(Recorded data)

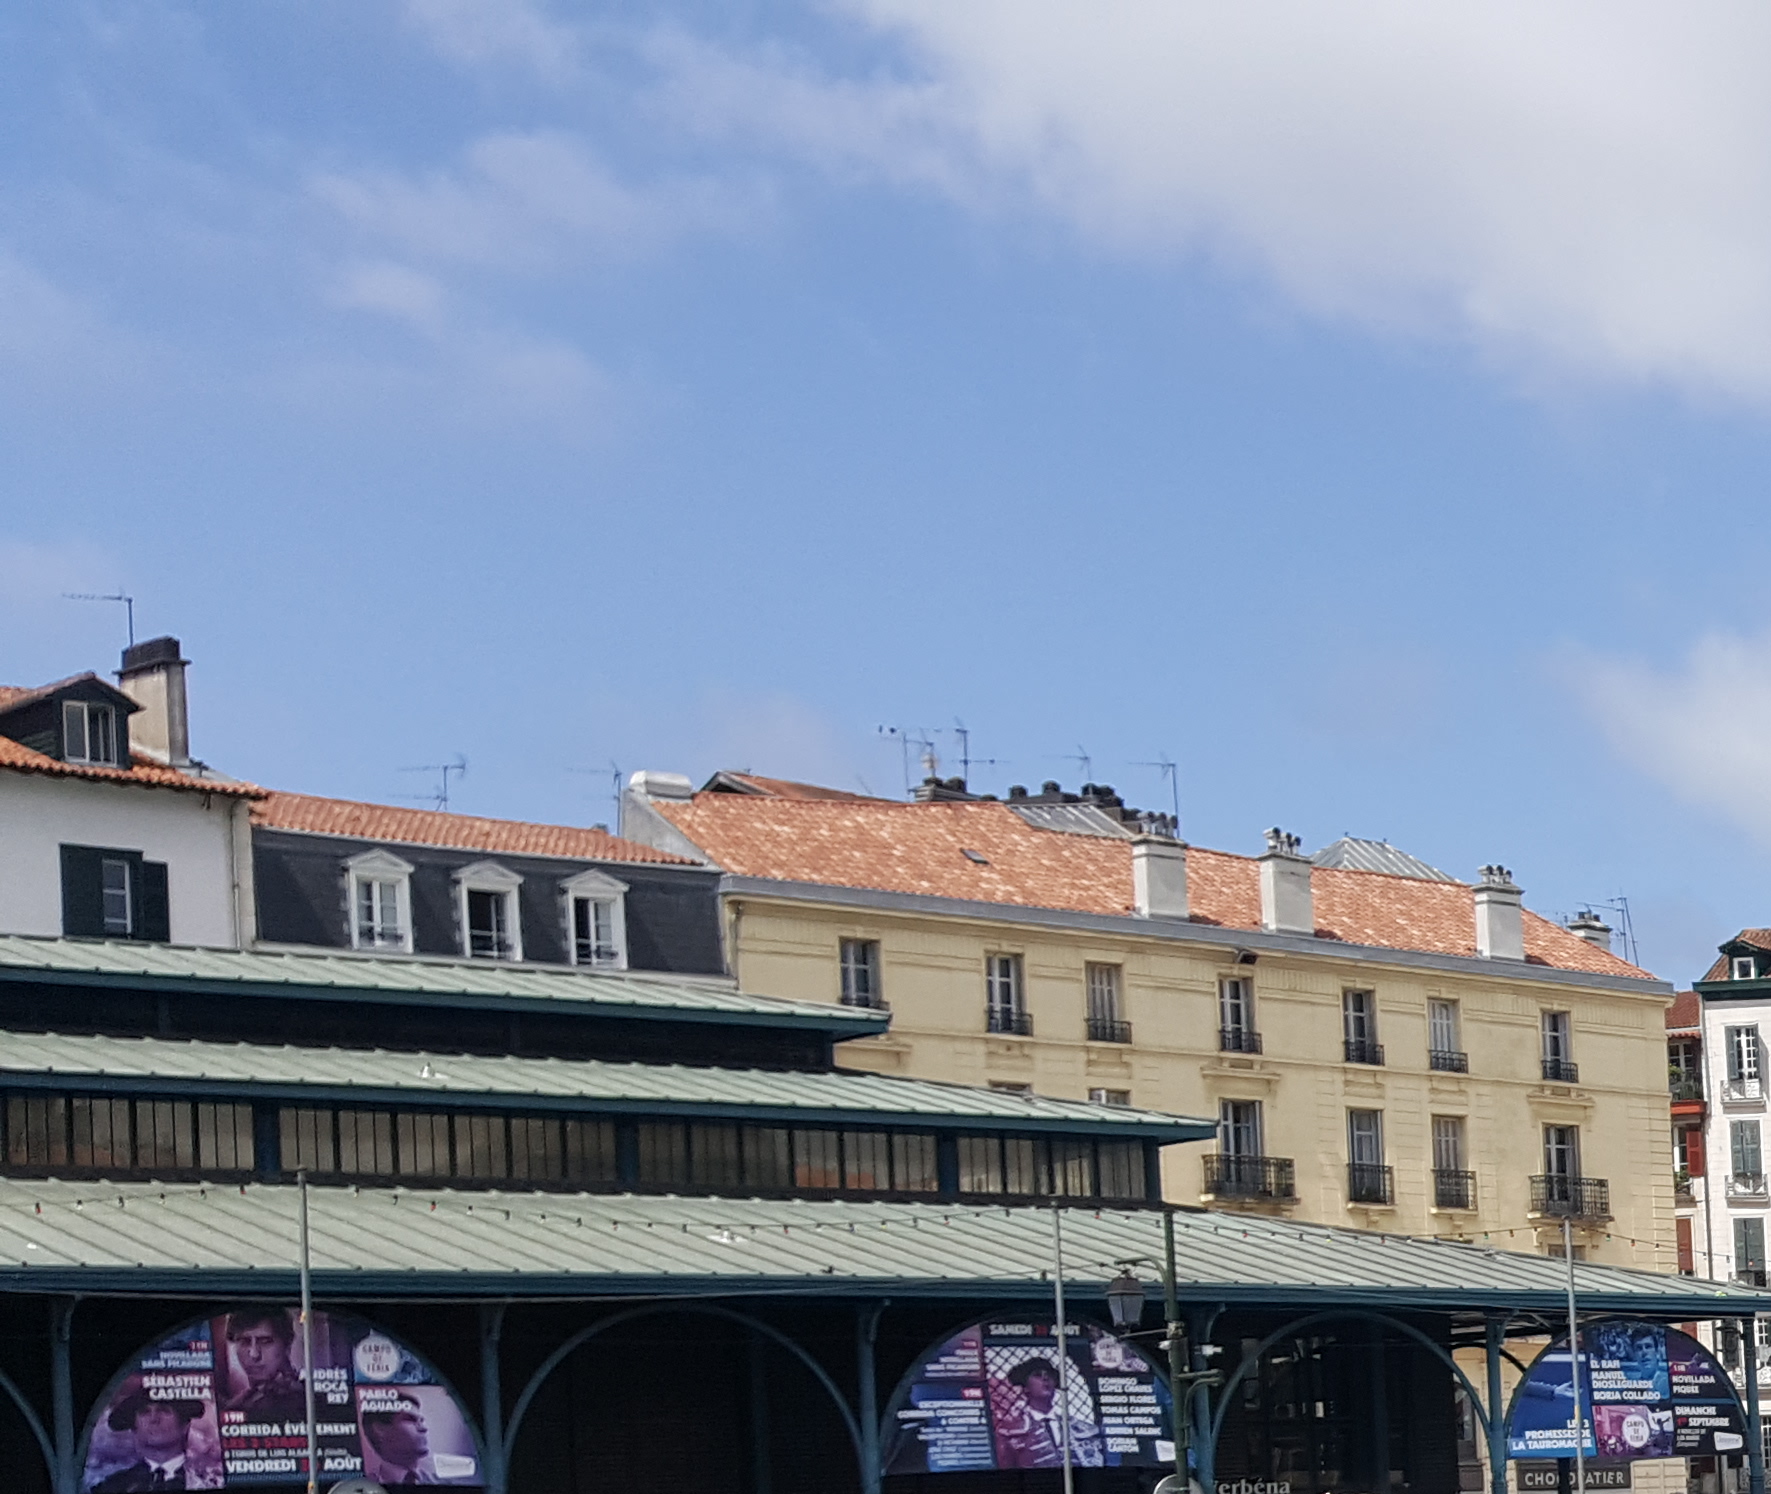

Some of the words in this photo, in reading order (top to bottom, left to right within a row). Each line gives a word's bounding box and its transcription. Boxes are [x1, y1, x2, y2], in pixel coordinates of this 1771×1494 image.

[299, 1366, 348, 1380] ADRÉS
[1672, 1375, 1715, 1383] NOVILLADA
[142, 1373, 211, 1388] SÉBASTIEN
[314, 1381, 348, 1392] ROCA
[149, 1387, 212, 1400] CASTELLA
[327, 1392, 349, 1404] REY
[359, 1388, 399, 1399] PABLO
[1622, 1391, 1661, 1400] COLLADO
[361, 1400, 412, 1413] AGUADO
[1675, 1406, 1717, 1415] DIMANCHE
[221, 1423, 282, 1436] CORRIDA
[1567, 1419, 1579, 1429] LE
[1512, 1441, 1526, 1451] LA
[1527, 1439, 1593, 1450] TAUROMACIE
[225, 1459, 297, 1473] VENDREDI
[323, 1454, 362, 1470] AOÛT
[1525, 1471, 1625, 1486] CHOOATIER

- [TASK GOAL] Set down the entries above exactly; no pictures belong in the copy.

- [SOLUTION FOR THIS TASK]
Some of the words in this photo, in reading order (top to bottom, left to right within a row). Each line gives a word's bounding box and its transcription. Boxes are [x1, y1, x2, y2], in pixel coordinates of this 1771×1494 image.

[299, 1366, 348, 1380] ADRÉS
[1672, 1375, 1715, 1383] NOVILLADA
[142, 1373, 211, 1388] SÉBASTIEN
[314, 1381, 348, 1392] ROCA
[149, 1387, 212, 1400] CASTELLA
[327, 1392, 349, 1404] REY
[359, 1388, 399, 1399] PABLO
[1622, 1391, 1661, 1400] COLLADO
[361, 1400, 412, 1413] AGUADO
[1675, 1406, 1717, 1415] DIMANCHE
[221, 1423, 282, 1436] CORRIDA
[1567, 1419, 1579, 1429] LE
[1512, 1441, 1526, 1451] LA
[1527, 1439, 1593, 1450] TAUROMACIE
[225, 1459, 297, 1473] VENDREDI
[323, 1454, 362, 1470] AOÛT
[1525, 1471, 1625, 1486] CHOOATIER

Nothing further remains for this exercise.